Data for review below:

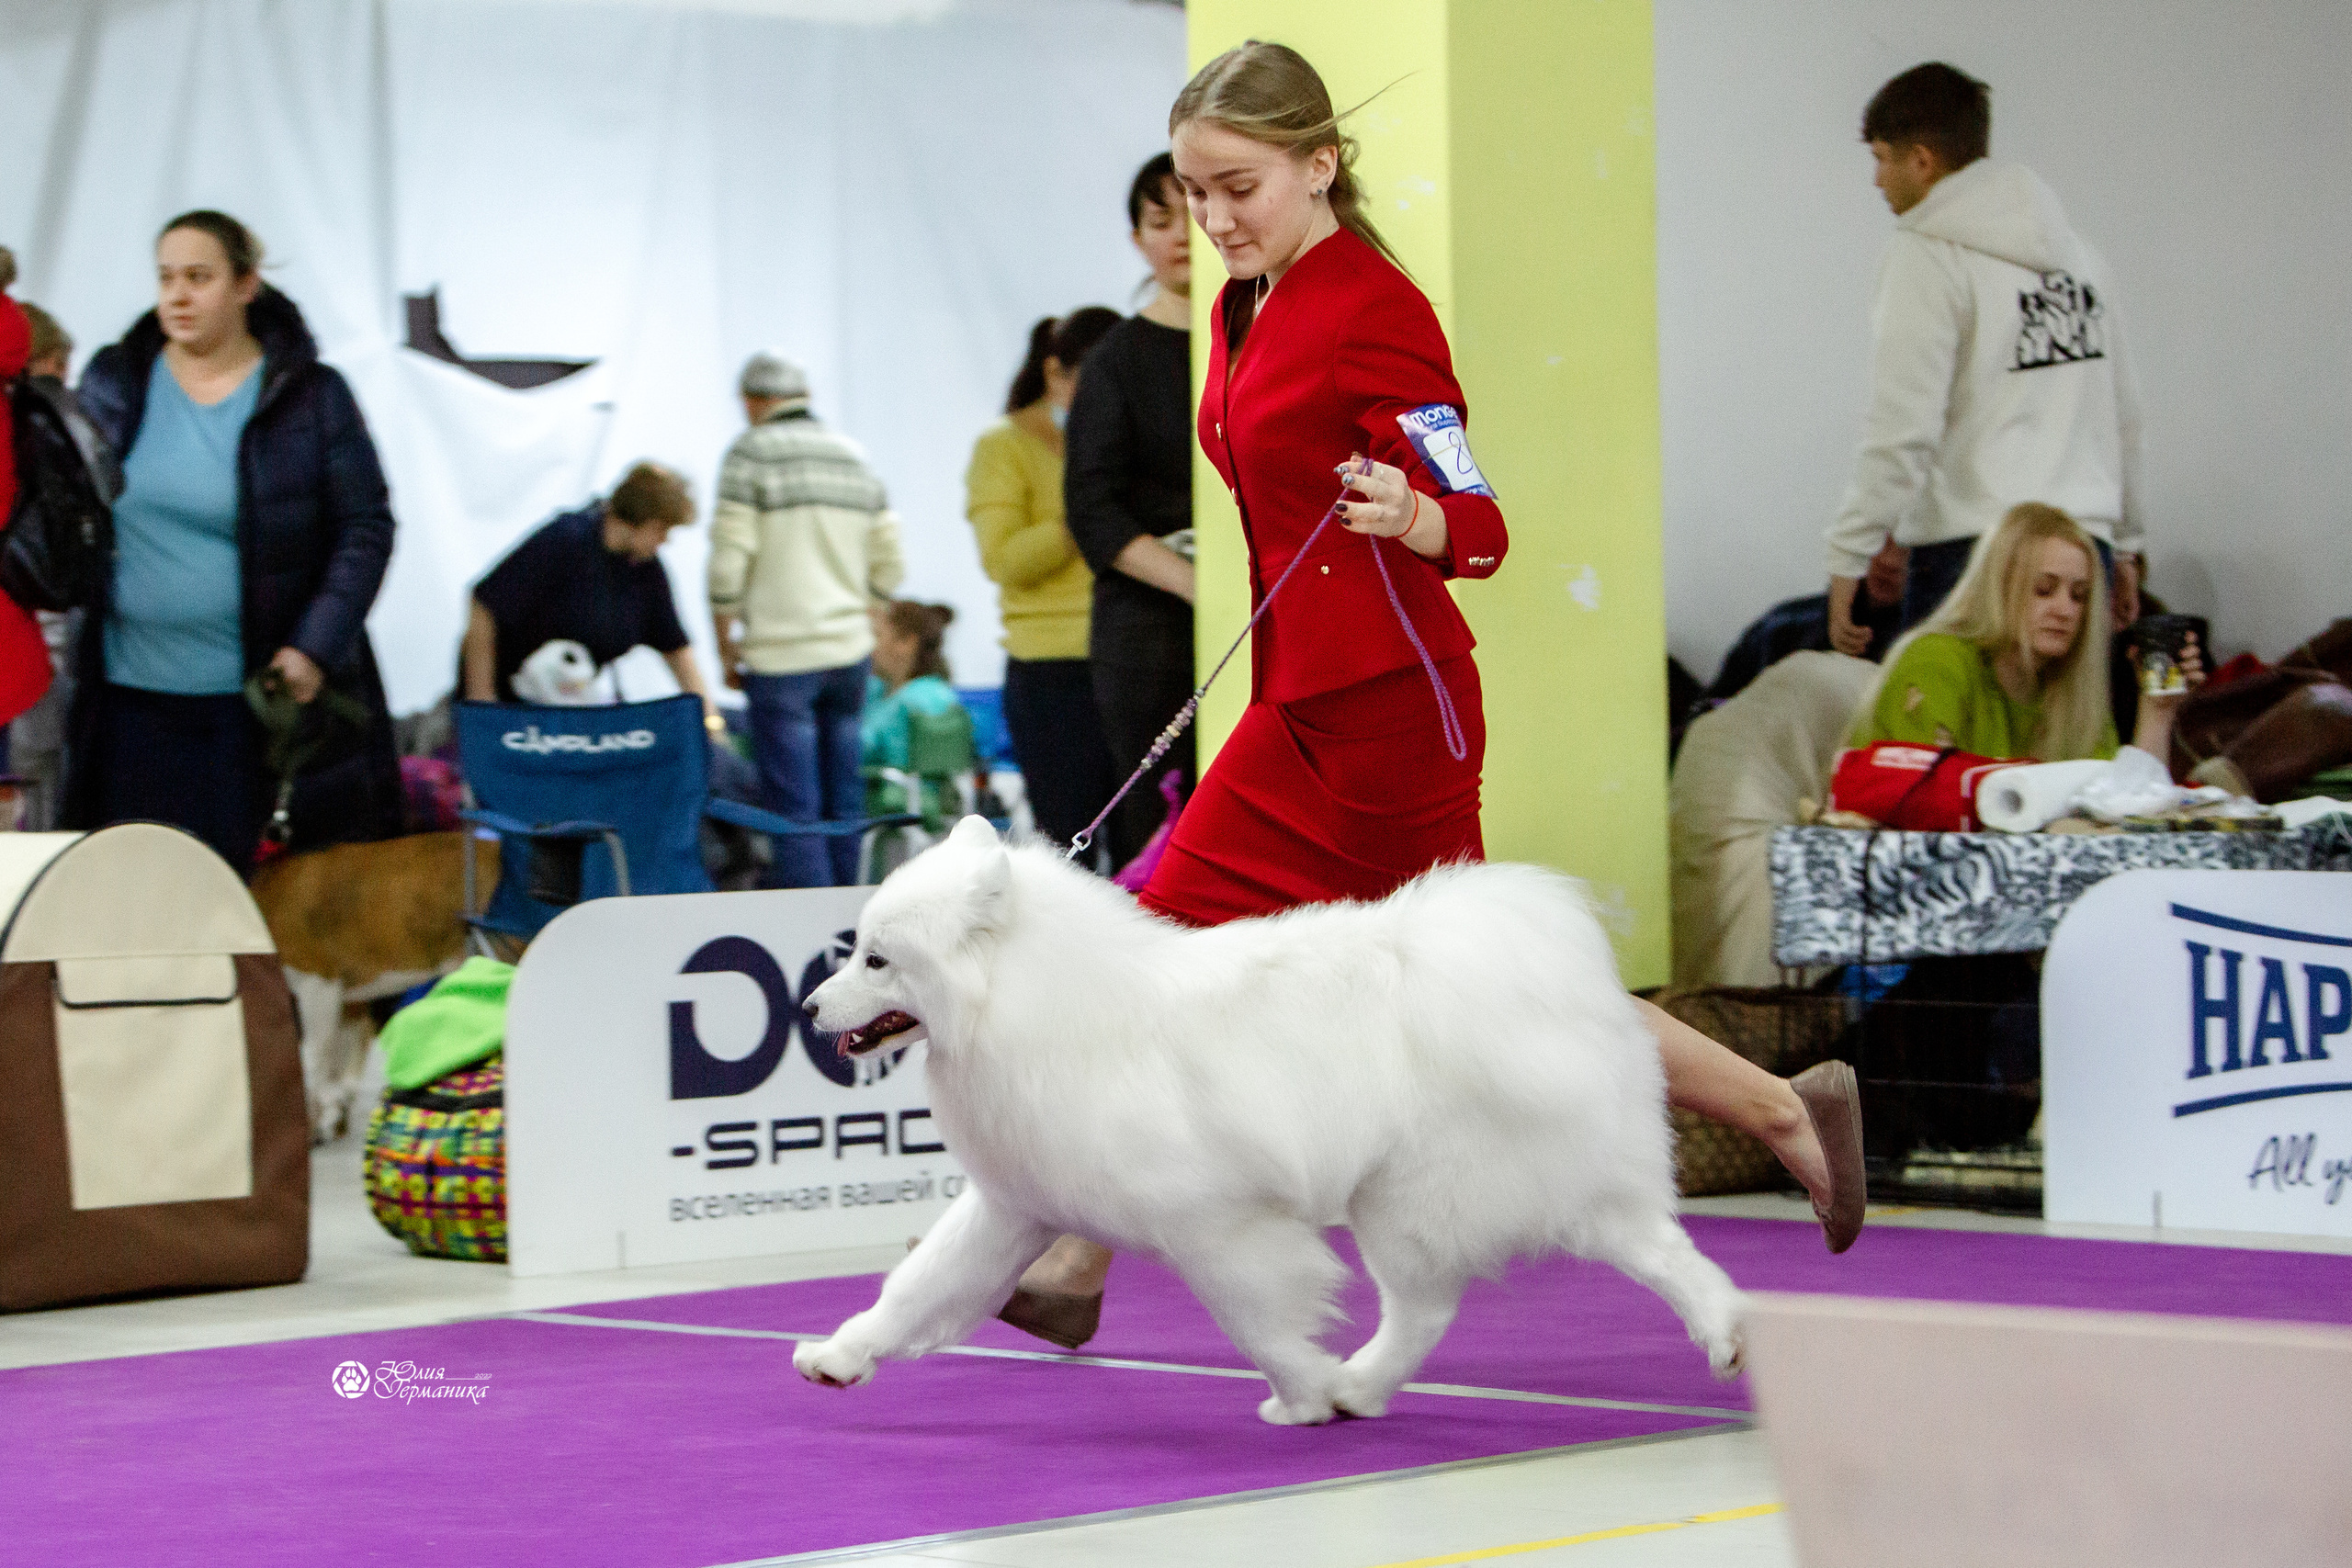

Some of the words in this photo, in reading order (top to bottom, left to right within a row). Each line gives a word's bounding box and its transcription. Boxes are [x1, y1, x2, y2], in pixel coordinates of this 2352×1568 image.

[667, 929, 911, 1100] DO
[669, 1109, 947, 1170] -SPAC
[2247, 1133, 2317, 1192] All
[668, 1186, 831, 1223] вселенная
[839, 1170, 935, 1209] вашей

End of Data for review.

▶ **Work request**
Return to the listing above and set it down exactly, leaving out its pictures.

▶ **Task response**
Some of the words in this photo, in reading order (top to bottom, left to right within a row). Each line gives a word's bounding box and its transcription. Boxes are [x1, y1, x2, y2], in pixel coordinates of this 2352×1568 image.

[667, 929, 911, 1100] DO
[669, 1109, 947, 1170] -SPAC
[2247, 1133, 2317, 1192] All
[668, 1186, 831, 1223] вселенная
[839, 1170, 935, 1209] вашей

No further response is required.